The painting is a pastiche of graphics showing couples in male-gaze-pleasing sexual positions and/or lecherous acts. Thrown in here and there are big fonts spelling out seemingly random words in bold red. The painting in fact represents the whole bar’s interior identity – individually distinct props that mysteriously come together to make sense.
The overall visual effect of Tetchan Yakitori Bar is unforgettable. Depending on the state of one’s intoxication, it could come across as hilarious and satirical, or eye-poppingly weird. Located at the popular post-war flea market hub of Harmonica Yokocho, the bar-restaurant finds itself in good artsy, fun company of other youthful eateries and establishments.
It is easy to get lost in the nitty-gritty of the design and accenting details here before realising what this scheme is actually doing to the bar-o-sphere. Just like in the case of countless modern art classics that are often rejected at first as frivolous and unimaginative, but then celebrated after having been analysed keenly and put in context, the aesthetics of Tetchan Yakitori Bar require one to step back, lean farther and ponder for its quirky beauty to make sense.

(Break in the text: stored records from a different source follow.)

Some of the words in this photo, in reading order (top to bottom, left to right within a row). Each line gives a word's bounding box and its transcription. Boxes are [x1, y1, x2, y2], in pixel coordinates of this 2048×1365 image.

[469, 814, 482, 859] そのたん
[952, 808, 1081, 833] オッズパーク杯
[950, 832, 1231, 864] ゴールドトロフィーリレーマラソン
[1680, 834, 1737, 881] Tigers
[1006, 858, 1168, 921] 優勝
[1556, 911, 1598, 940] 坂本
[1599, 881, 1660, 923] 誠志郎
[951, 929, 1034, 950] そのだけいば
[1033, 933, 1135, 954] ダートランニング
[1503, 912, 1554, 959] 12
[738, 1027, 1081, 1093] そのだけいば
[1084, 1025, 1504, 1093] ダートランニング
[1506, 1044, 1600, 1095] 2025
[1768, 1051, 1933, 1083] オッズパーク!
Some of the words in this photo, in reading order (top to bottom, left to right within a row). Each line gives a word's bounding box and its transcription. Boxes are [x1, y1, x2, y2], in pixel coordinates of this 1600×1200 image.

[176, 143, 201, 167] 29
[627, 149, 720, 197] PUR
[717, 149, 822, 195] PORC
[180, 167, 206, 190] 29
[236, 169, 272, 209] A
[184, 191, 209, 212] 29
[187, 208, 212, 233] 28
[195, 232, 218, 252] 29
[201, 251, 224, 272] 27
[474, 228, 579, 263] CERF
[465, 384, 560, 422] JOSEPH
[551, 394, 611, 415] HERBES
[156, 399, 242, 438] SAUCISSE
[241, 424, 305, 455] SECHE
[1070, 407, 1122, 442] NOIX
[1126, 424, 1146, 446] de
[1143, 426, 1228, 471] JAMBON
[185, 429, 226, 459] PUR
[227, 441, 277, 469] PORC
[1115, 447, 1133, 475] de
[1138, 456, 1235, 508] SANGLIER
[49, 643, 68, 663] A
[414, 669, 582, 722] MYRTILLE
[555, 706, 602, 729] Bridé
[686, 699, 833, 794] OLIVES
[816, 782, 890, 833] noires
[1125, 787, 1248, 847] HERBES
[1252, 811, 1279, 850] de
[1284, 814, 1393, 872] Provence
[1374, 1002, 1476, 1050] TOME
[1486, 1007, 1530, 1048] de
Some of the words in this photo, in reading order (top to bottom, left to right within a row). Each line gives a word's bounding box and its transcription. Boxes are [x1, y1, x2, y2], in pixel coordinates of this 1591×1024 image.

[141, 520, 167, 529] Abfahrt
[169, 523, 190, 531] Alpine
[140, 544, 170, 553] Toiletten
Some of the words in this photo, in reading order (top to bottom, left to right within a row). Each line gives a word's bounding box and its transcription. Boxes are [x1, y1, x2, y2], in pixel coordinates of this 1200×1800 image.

Leaning back will ensure the realisation that the interiors here toss a grenade in the face of the squeaky clean, polished hardwood environs of top bars all over the world. It walks the tricky demarcation between garish watering holes for the middle class, and the sophisticated drinking dens frequented by wealthy aficionados. It is a project that aims to shock and re-invent, and succeeds in its unconventional glory by also setting an example.
This project was created using substantial amounts of recycled material like wires and melted waste acrylic products, it may be the wackier end of the green spectrum, but in case you choose to emulate the same ideas you are sure to have a blast!